● TASK OBJECTIVE: Render every entry exactly as it appears.

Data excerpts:
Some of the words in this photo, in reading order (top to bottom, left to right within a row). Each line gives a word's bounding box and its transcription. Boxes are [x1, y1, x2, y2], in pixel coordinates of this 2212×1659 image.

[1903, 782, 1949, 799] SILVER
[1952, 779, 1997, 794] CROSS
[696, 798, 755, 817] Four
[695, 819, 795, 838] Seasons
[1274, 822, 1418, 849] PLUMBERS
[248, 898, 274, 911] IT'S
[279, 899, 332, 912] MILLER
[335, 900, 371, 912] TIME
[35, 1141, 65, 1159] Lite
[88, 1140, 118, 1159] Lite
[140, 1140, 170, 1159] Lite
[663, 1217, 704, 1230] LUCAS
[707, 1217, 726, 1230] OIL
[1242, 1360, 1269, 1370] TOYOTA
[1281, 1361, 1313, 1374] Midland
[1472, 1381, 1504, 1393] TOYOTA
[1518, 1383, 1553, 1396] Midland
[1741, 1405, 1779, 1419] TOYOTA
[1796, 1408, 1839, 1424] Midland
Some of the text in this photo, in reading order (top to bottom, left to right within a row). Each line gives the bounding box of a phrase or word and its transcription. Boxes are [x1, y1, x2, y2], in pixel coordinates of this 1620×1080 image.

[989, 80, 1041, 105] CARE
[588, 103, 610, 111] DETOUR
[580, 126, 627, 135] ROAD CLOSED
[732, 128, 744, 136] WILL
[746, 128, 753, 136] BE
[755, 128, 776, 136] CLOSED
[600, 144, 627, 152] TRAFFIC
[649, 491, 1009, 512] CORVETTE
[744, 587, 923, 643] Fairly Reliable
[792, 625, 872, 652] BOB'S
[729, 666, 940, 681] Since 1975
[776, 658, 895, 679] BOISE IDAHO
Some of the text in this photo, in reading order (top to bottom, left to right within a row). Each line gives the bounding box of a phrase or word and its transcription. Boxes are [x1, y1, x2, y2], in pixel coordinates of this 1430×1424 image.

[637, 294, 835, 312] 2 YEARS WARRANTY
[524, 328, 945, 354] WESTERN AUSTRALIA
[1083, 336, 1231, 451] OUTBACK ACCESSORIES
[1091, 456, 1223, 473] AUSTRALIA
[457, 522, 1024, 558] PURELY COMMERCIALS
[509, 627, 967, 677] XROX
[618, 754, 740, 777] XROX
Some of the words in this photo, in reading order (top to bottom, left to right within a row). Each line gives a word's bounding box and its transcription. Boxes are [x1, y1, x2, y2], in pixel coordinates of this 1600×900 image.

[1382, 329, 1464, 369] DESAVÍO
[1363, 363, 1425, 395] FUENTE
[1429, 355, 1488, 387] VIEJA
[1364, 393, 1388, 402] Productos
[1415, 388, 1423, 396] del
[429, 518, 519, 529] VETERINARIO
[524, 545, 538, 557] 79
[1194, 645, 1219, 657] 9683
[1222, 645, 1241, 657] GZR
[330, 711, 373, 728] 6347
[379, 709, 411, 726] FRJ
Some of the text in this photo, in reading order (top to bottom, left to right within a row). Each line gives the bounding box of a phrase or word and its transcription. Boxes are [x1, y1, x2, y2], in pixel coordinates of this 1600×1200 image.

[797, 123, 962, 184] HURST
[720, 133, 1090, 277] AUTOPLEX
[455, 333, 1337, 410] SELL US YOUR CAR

● OUTPUT:
Some of the words in this photo, in reading order (top to bottom, left to right within a row). Each line gives a word's bounding box and its transcription. Boxes are [x1, y1, x2, y2], in pixel coordinates of this 2212×1659 image.

[1903, 782, 1949, 799] SILVER
[1952, 779, 1997, 794] CROSS
[696, 798, 755, 817] Four
[695, 819, 795, 838] Seasons
[1274, 822, 1418, 849] PLUMBERS
[248, 898, 274, 911] IT'S
[279, 899, 332, 912] MILLER
[335, 900, 371, 912] TIME
[35, 1141, 65, 1159] Lite
[88, 1140, 118, 1159] Lite
[140, 1140, 170, 1159] Lite
[663, 1217, 704, 1230] LUCAS
[707, 1217, 726, 1230] OIL
[1242, 1360, 1269, 1370] TOYOTA
[1281, 1361, 1313, 1374] Midland
[1472, 1381, 1504, 1393] TOYOTA
[1518, 1383, 1553, 1396] Midland
[1741, 1405, 1779, 1419] TOYOTA
[1796, 1408, 1839, 1424] Midland
Some of the text in this photo, in reading order (top to bottom, left to right within a row). Each line gives the bounding box of a phrase or word and its transcription. Boxes are [x1, y1, x2, y2], in pixel coordinates of this 1620×1080 image.

[989, 80, 1041, 105] CARE
[588, 103, 610, 111] DETOUR
[580, 126, 627, 135] ROAD CLOSED
[732, 128, 744, 136] WILL
[746, 128, 753, 136] BE
[755, 128, 776, 136] CLOSED
[600, 144, 627, 152] TRAFFIC
[649, 491, 1009, 512] CORVETTE
[744, 587, 923, 643] Fairly Reliable
[792, 625, 872, 652] BOB'S
[729, 666, 940, 681] Since 1975
[776, 658, 895, 679] BOISE IDAHO
Some of the text in this photo, in reading order (top to bottom, left to right within a row). Each line gives the bounding box of a phrase or word and its transcription. Boxes are [x1, y1, x2, y2], in pixel coordinates of this 1430×1424 image.

[637, 294, 835, 312] 2 YEARS WARRANTY
[524, 328, 945, 354] WESTERN AUSTRALIA
[1083, 336, 1231, 451] OUTBACK ACCESSORIES
[1091, 456, 1223, 473] AUSTRALIA
[457, 522, 1024, 558] PURELY COMMERCIALS
[509, 627, 967, 677] XROX
[618, 754, 740, 777] XROX
Some of the words in this photo, in reading order (top to bottom, left to right within a row). Each line gives a word's bounding box and its transcription. Boxes are [x1, y1, x2, y2], in pixel coordinates of this 1600×900 image.

[1382, 329, 1464, 369] DESAVÍO
[1363, 363, 1425, 395] FUENTE
[1429, 355, 1488, 387] VIEJA
[1364, 393, 1388, 402] Productos
[1415, 388, 1423, 396] del
[429, 518, 519, 529] VETERINARIO
[524, 545, 538, 557] 79
[1194, 645, 1219, 657] 9683
[1222, 645, 1241, 657] GZR
[330, 711, 373, 728] 6347
[379, 709, 411, 726] FRJ
Some of the text in this photo, in reading order (top to bottom, left to right within a row). Each line gives the bounding box of a phrase or word and its transcription. Boxes are [x1, y1, x2, y2], in pixel coordinates of this 1600×1200 image.

[797, 123, 962, 184] HURST
[720, 133, 1090, 277] AUTOPLEX
[455, 333, 1337, 410] SELL US YOUR CAR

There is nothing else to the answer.